The researchers concluded that “physicians and patients might engage in a respectful dialogue to anticipate areas of moral disagreement and to negotiate acceptable accommodations before crises develop” – a conclusion that a New York Times editorial said “lets doctors off the hook.” Indeed, it is hard to imagine how a dying person, a woman with an unplanned pregnancy, or a teenager who fears pregnancy and, perhaps, her parents, would be in a good place, strategically, “to negotiate acceptable accommodations before crises develop.” All three of these people may already be in crisis.

The NEJM study has other limitations, acknowledged by its authors. The physicians surveyed may have expressed objections to practices they never, in fact, are asked to perform. Their answers do not tell us what they have done, or may do, in practice. Still, the study is important because it is empirical. So much of the “data” on conscientious objection in medicine (refusing to perform or participate in a legal procedure on the grounds of religious or moral conviction) is anecdotal. Media coverage of conscientious objection tends to cast the refusing health care provider in the role of Martin Luther at the Diet of Worms: Here I stand, I can do no other (emphasis on the “I”). Commentators also do this, parsing the rights and responsibilities (but mostly the rights) in a dyadic relationship: Providers versus patients. Paternalism versus autonomy. “I believe” versus “I want.”
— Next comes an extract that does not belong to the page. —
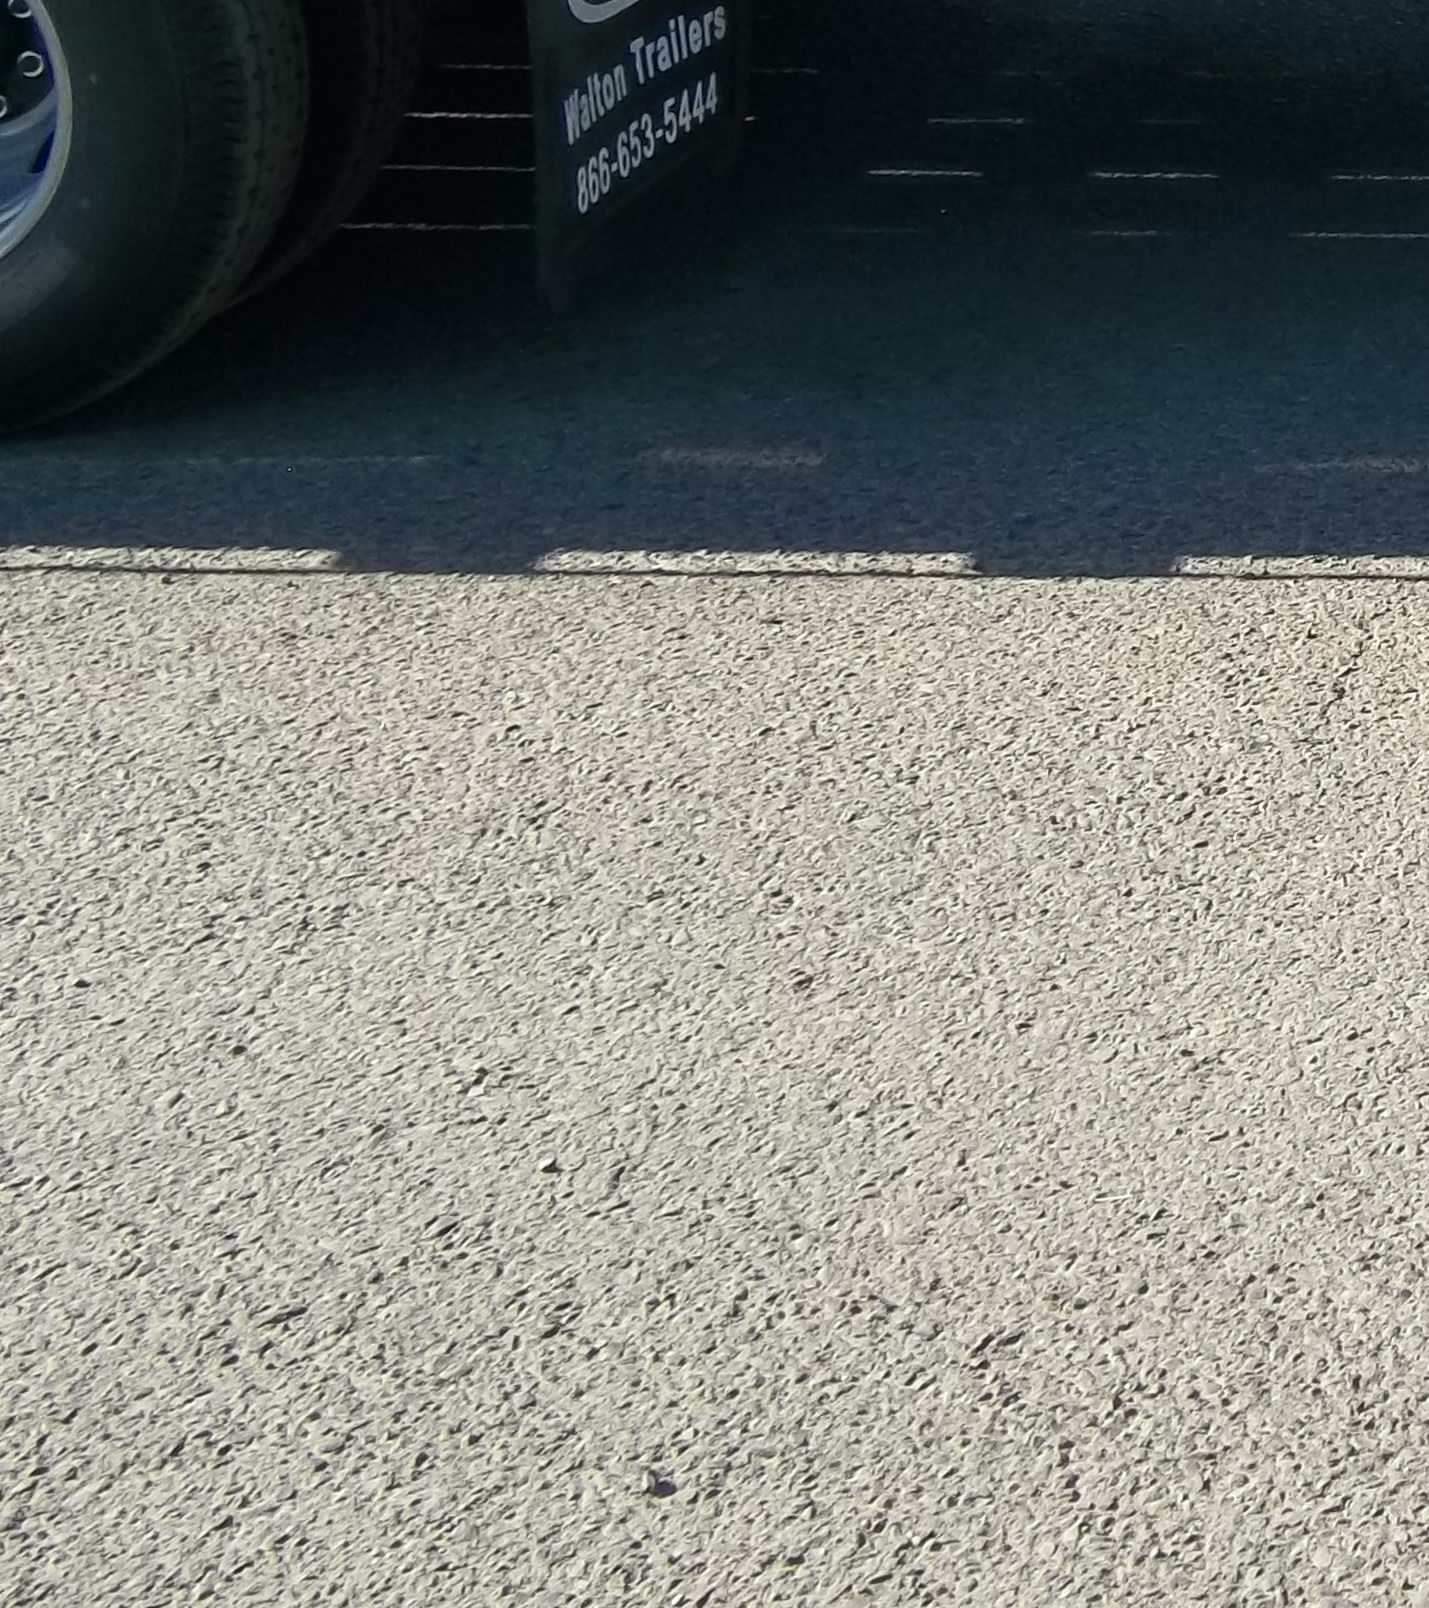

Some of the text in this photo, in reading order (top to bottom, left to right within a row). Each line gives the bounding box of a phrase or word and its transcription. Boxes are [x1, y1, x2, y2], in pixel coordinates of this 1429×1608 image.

[564, 5, 725, 145] Walton Trailers
[577, 71, 718, 215] 866-653-5444
In his recent book Partnership with the Dying: Where Medicine and Ministry Should Meet, David H. Smith criticizes “institutional policies of silence” concerning controversial procedures – he is writing of terminal (palliative) sedation and its conflation with physician-assisted suicide – that encourage “considerable clandestine and freelance conscientious objection.” Not all CO cases are dramatic. Sometimes, it’s not about saying no – it’s about not showing up, or about putting off a decision. In Smith’s view, practices like these respect neither the dying, suffering person nor the struggling provider. While institutions may not want to talk about providers’ objections, Smith argues that because the community that deals with impending death must support its members, it should avoid policies that leave providers to struggle alone with their personal dilemmas, which are revealed only when a dying person is acutely suffering. “Honest agonized wrestling with difficult moral issues” should not be “cordoned off from serious discussion of policy.”

Smith’s book offers a useful antidote to the dyadic dilemma. Conscientious objection in medicine is not merely a right to be invoked at the bedside, nor a problem to be held in check through a pro forma conscience clause. Rather, Smith reminds us, openly discussing the nature of providers’ moral objections, while keeping the needs of the suffering person uppermost, is a “difficult and unglamorous” communal responsibility of “morally serious people.” Amen.